___ Record extracts ___

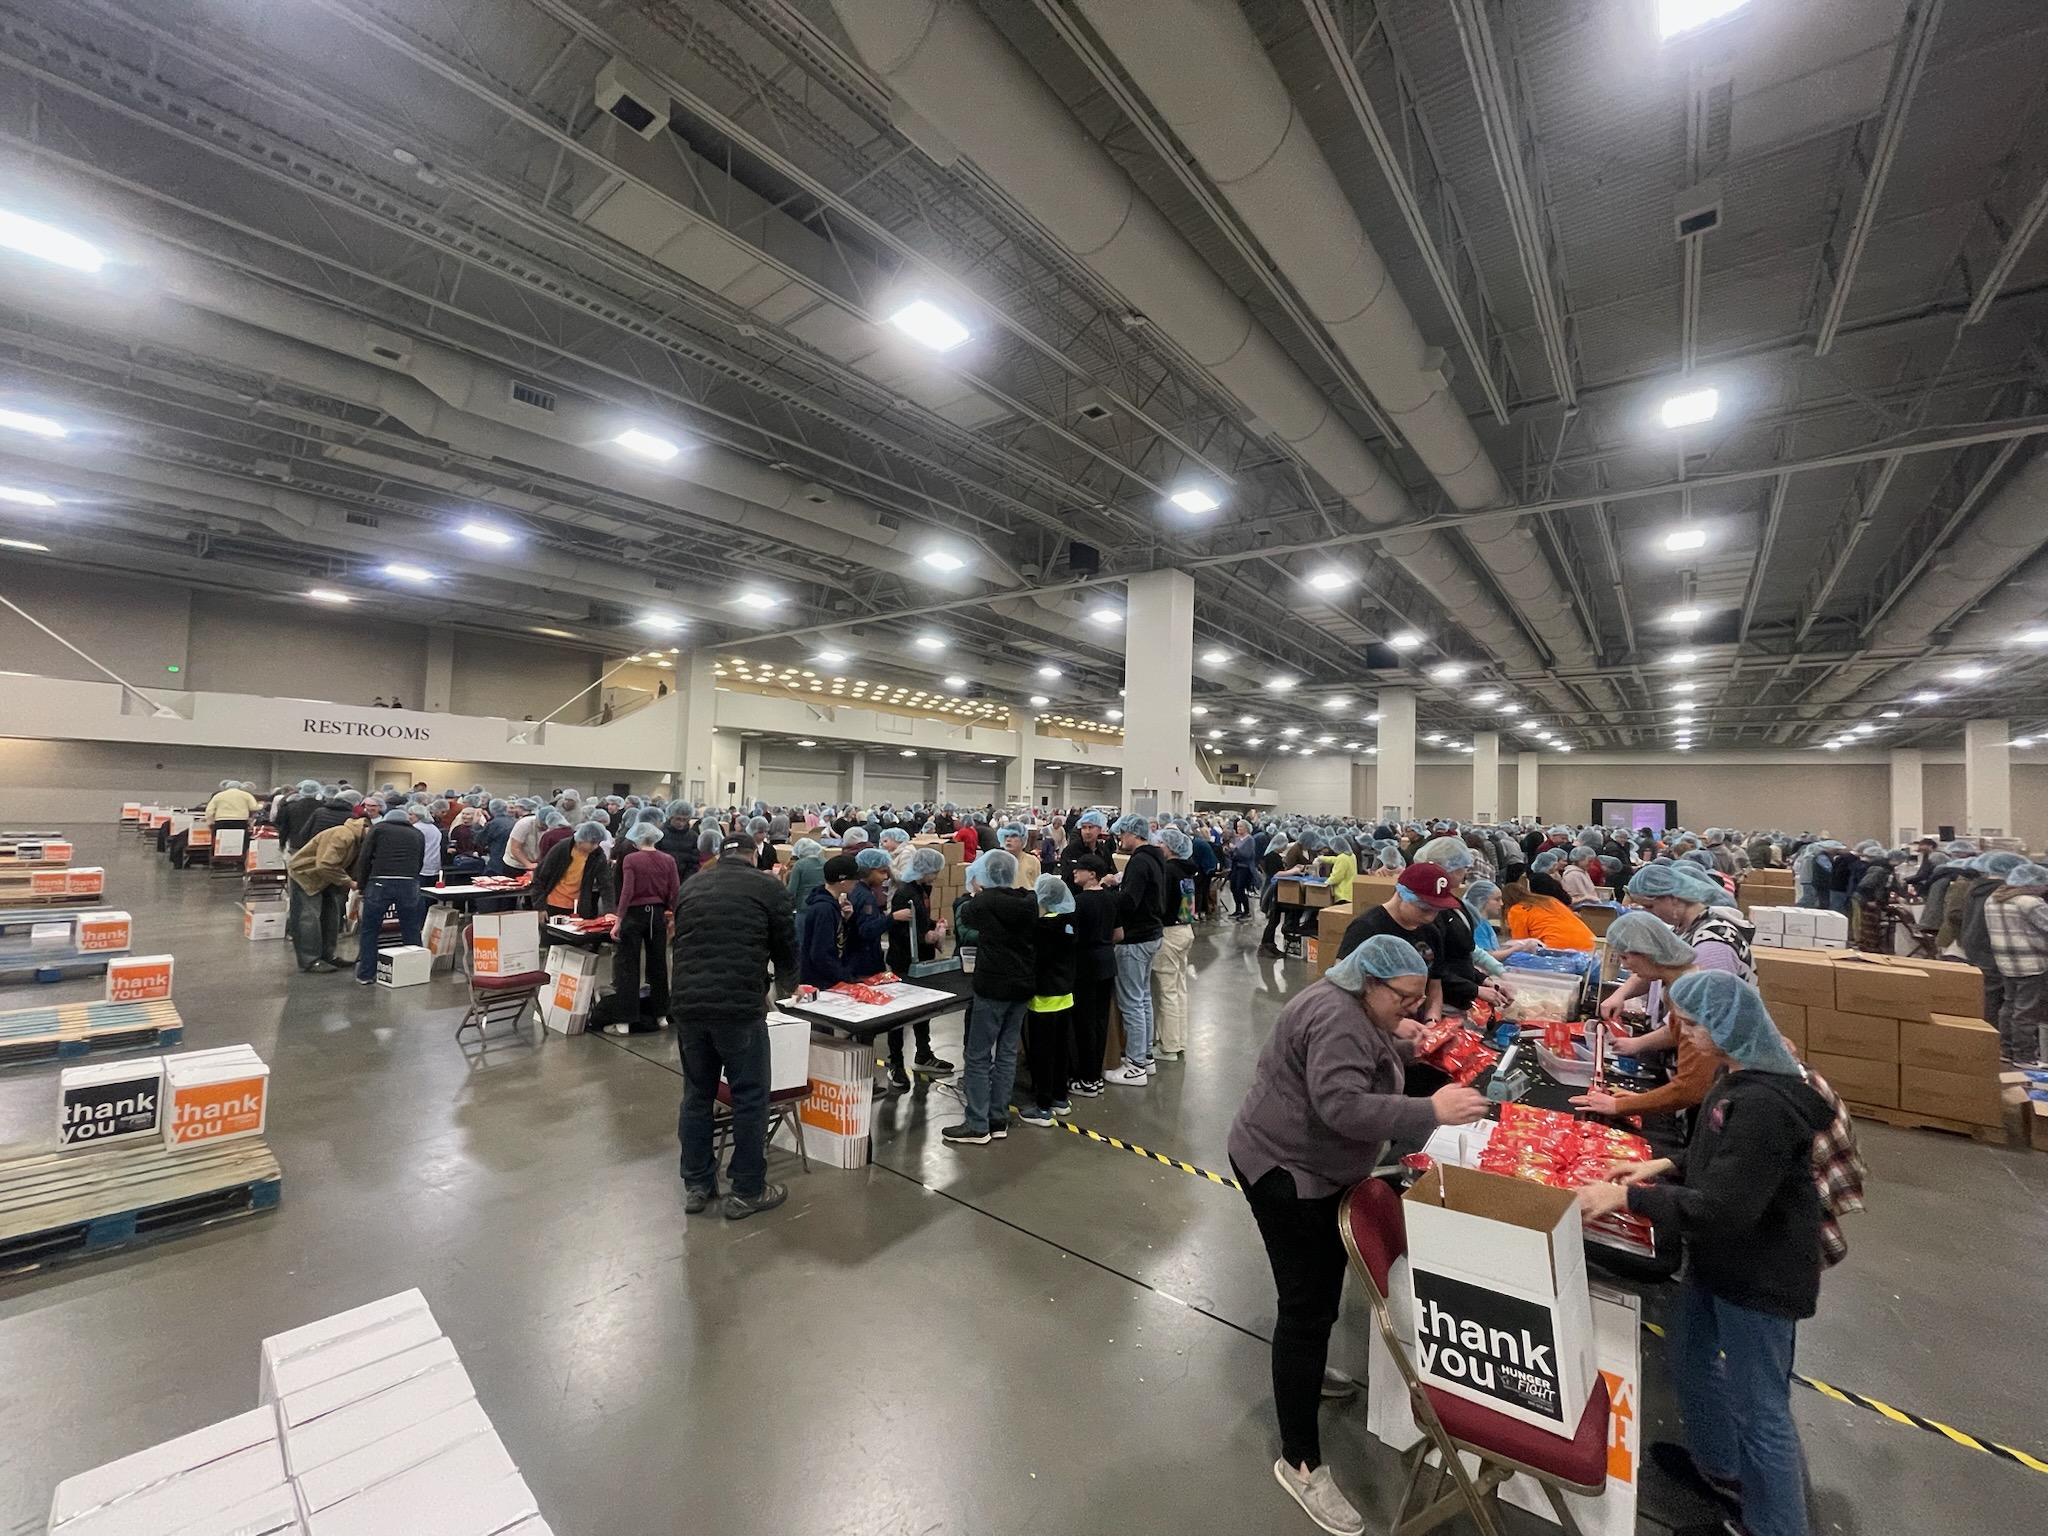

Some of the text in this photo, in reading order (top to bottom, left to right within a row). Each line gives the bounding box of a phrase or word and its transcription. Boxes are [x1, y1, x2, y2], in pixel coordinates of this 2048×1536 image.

[303, 718, 430, 741] RESTROOMS
[1436, 876, 1449, 895] P
[473, 947, 498, 960] thank
[63, 1092, 155, 1125] thank
[174, 1093, 260, 1125] thank
[60, 1119, 116, 1144] you
[171, 1119, 223, 1143] you
[1414, 1296, 1555, 1378] thank
[1417, 1337, 1497, 1391] you
[1500, 1364, 1551, 1390] HUNGER
[1517, 1379, 1556, 1402] FIGHT
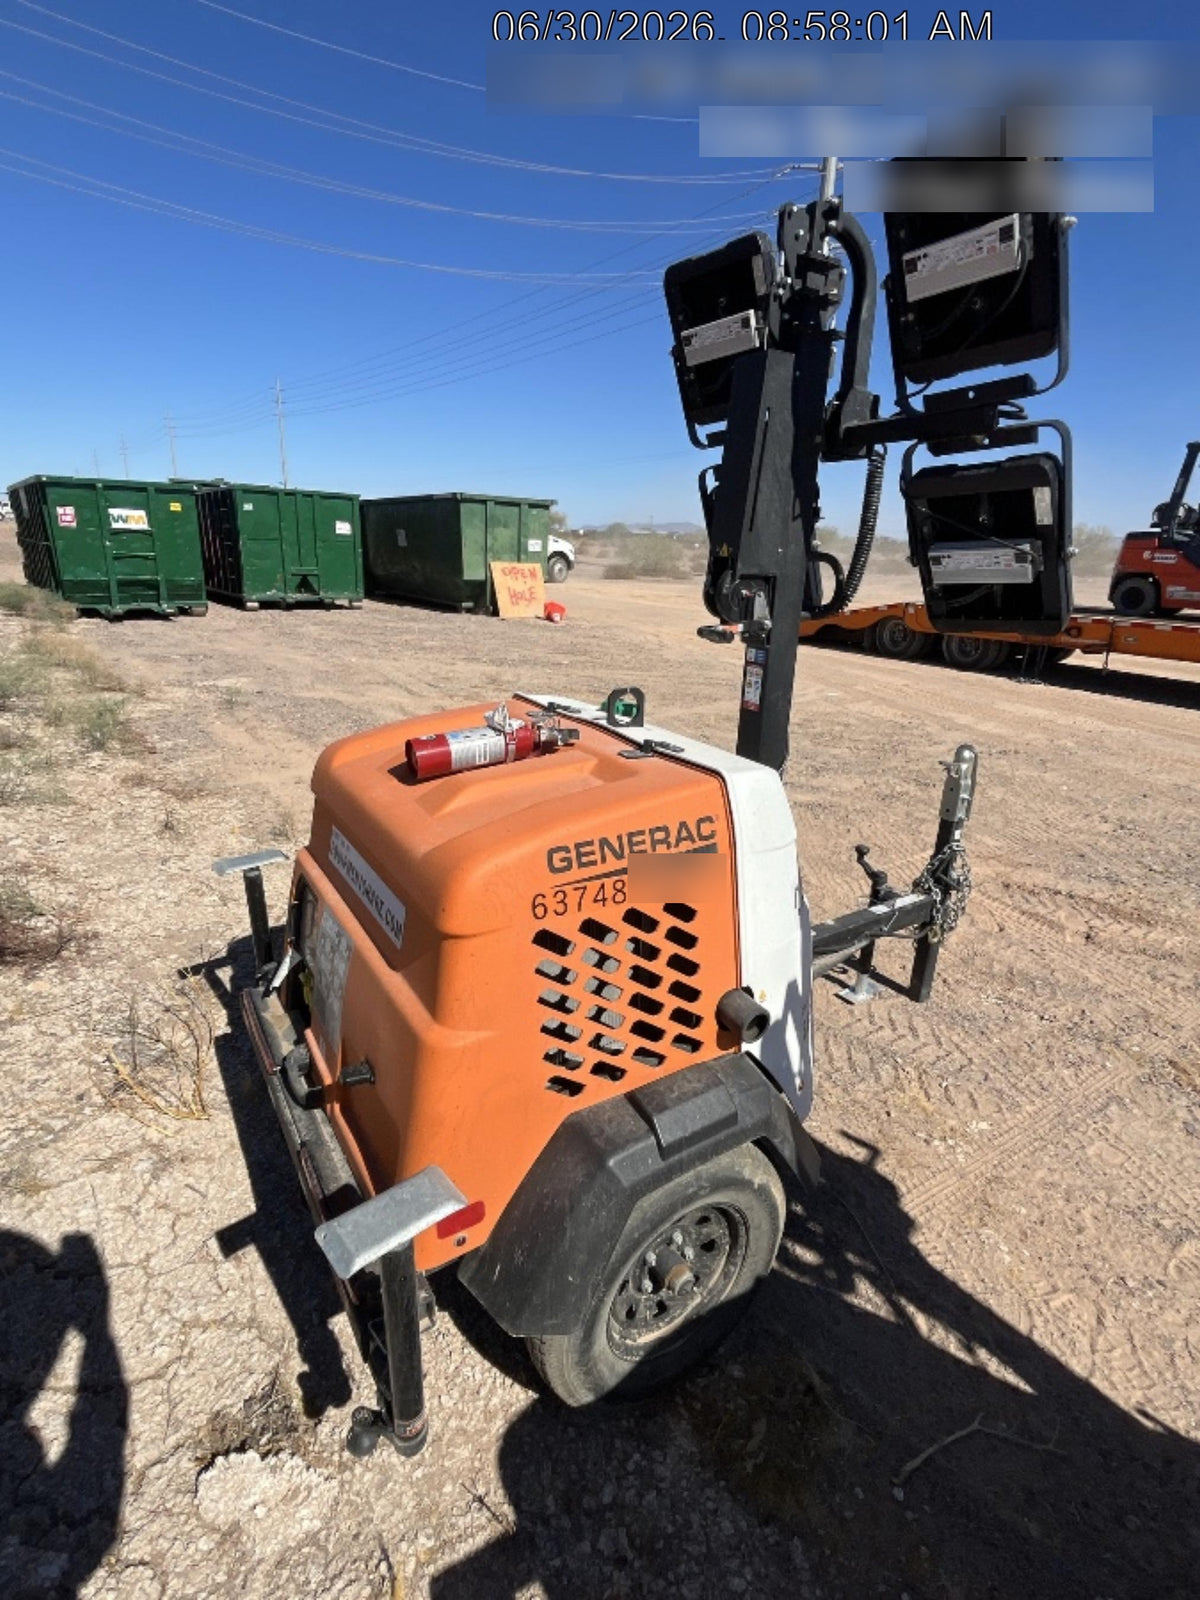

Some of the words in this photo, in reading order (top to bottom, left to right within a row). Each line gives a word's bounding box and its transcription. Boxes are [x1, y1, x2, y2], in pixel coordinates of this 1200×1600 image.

[109, 513, 146, 526] WM
[501, 565, 538, 581] OPEN
[547, 815, 717, 875] GENERAC
[531, 879, 628, 920] 63748

___

Output all of the entries once more, word for word, with the images removed.

Some of the text in this photo, in reading order (top to bottom, left to right within a row). Each line gives the bounding box of a phrase or word and its transcription. Boxes are [x1, y1, x2, y2], in pixel coordinates of this 2048×1536 image.

[303, 718, 430, 741] RESTROOMS
[1436, 876, 1449, 895] P
[473, 947, 498, 960] thank
[63, 1092, 155, 1125] thank
[174, 1093, 260, 1125] thank
[60, 1119, 116, 1144] you
[171, 1119, 223, 1143] you
[1414, 1296, 1555, 1378] thank
[1417, 1337, 1497, 1391] you
[1500, 1364, 1551, 1390] HUNGER
[1517, 1379, 1556, 1402] FIGHT

Some of the words in this photo, in reading order (top to bottom, left to right within a row). Each line gives a word's bounding box and its transcription. Boxes are [x1, y1, x2, y2], in pixel coordinates of this 1200×1600 image.

[109, 513, 146, 526] WM
[501, 565, 538, 581] OPEN
[547, 815, 717, 875] GENERAC
[531, 879, 628, 920] 63748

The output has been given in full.